'''
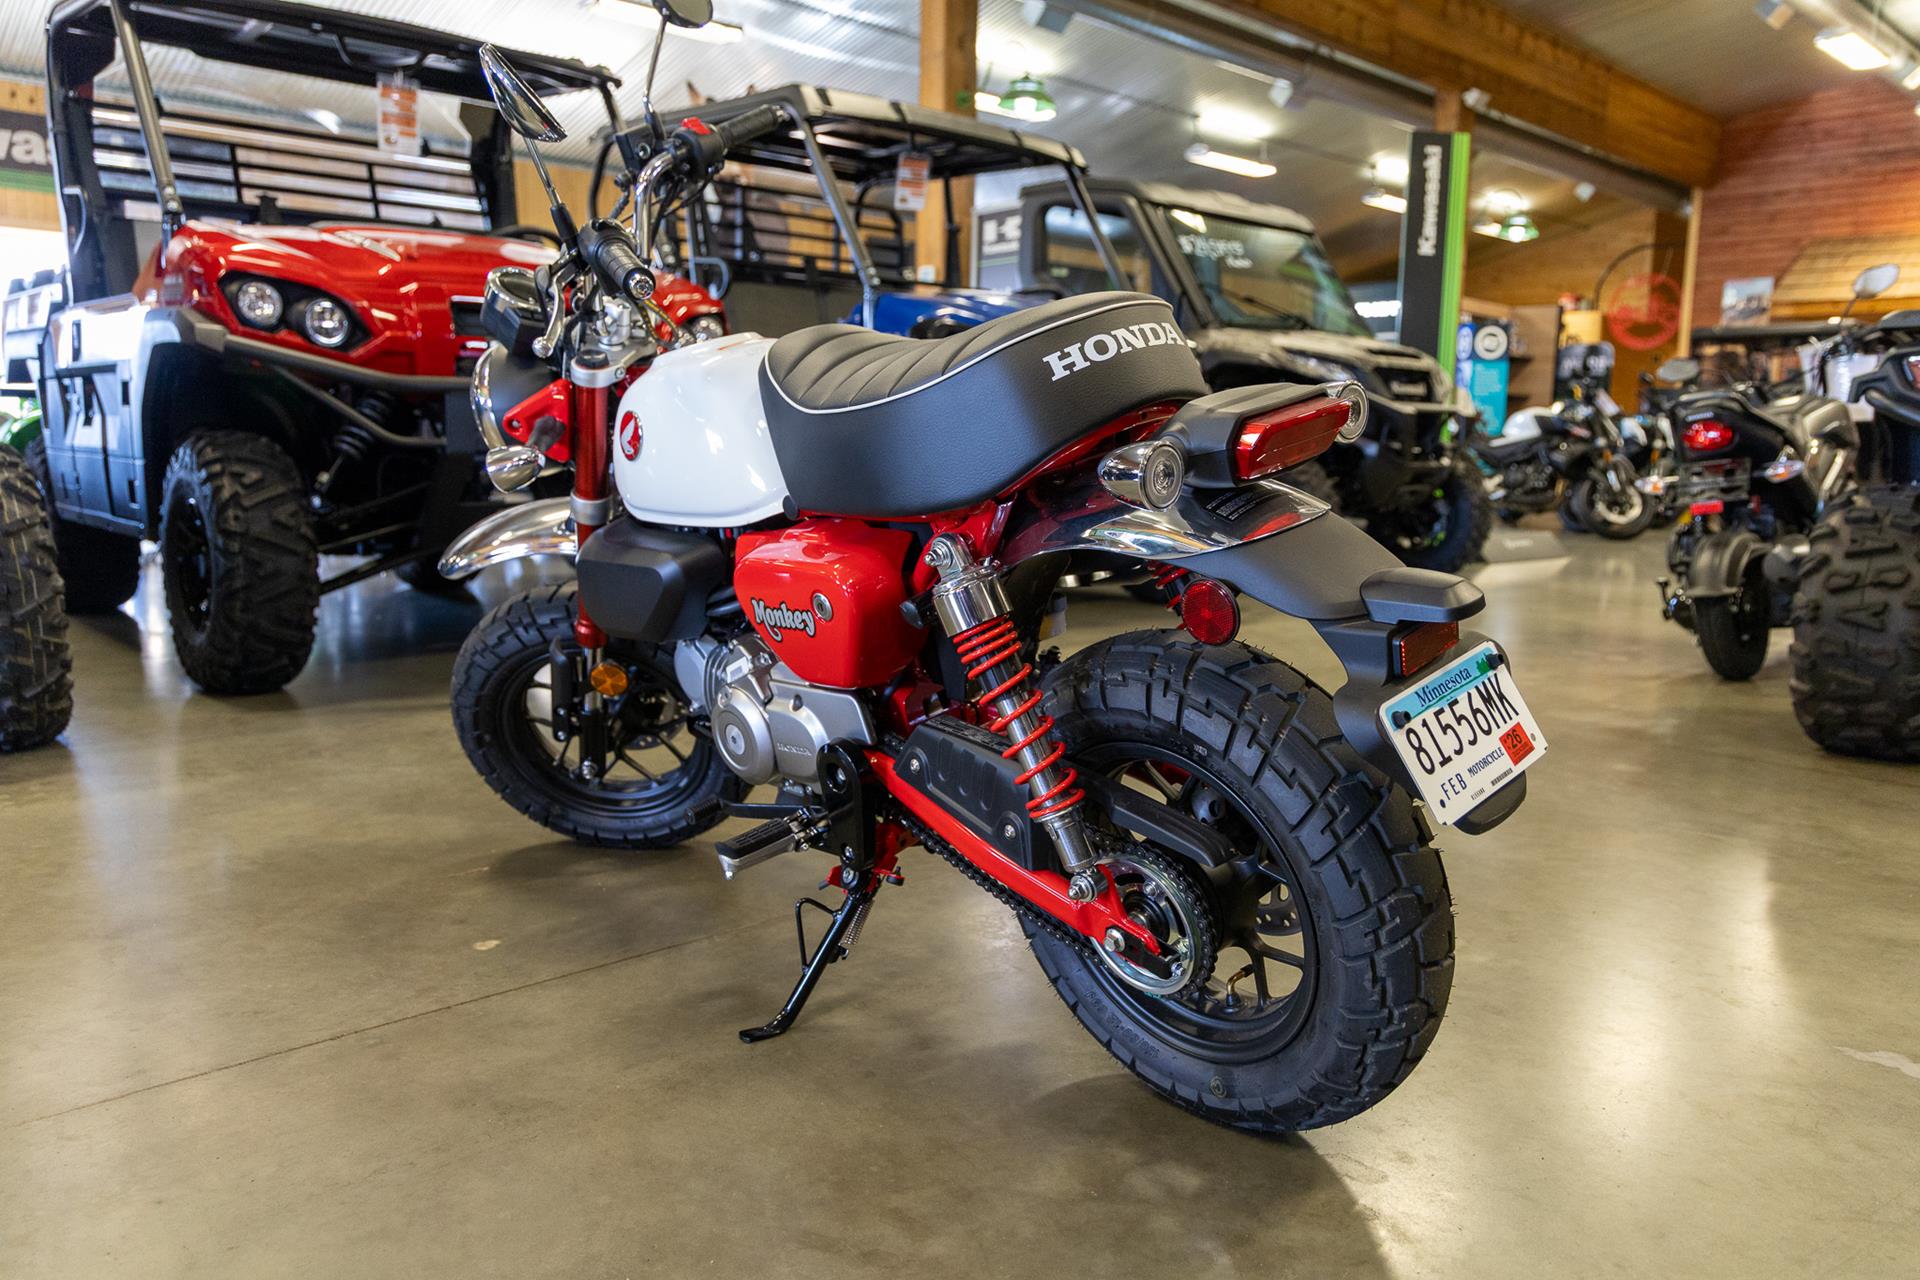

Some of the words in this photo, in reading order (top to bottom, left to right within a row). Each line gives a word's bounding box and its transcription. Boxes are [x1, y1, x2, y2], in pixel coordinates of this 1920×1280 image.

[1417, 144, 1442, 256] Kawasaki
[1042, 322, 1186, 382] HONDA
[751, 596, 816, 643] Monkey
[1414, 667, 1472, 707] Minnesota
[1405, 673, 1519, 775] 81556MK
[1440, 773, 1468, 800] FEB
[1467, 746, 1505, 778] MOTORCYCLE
'''
◆ GOAL OF THE EXERCISE ◆
Exclude all images, then retype the records above without alteration.

◆ EXERCISE OUTPUT ◆
Some of the words in this photo, in reading order (top to bottom, left to right within a row). Each line gives a word's bounding box and its transcription. Boxes are [x1, y1, x2, y2], in pixel coordinates of this 1920×1280 image.

[1417, 144, 1442, 256] Kawasaki
[1042, 322, 1186, 382] HONDA
[751, 596, 816, 643] Monkey
[1414, 667, 1472, 707] Minnesota
[1405, 673, 1519, 775] 81556MK
[1440, 773, 1468, 800] FEB
[1467, 746, 1505, 778] MOTORCYCLE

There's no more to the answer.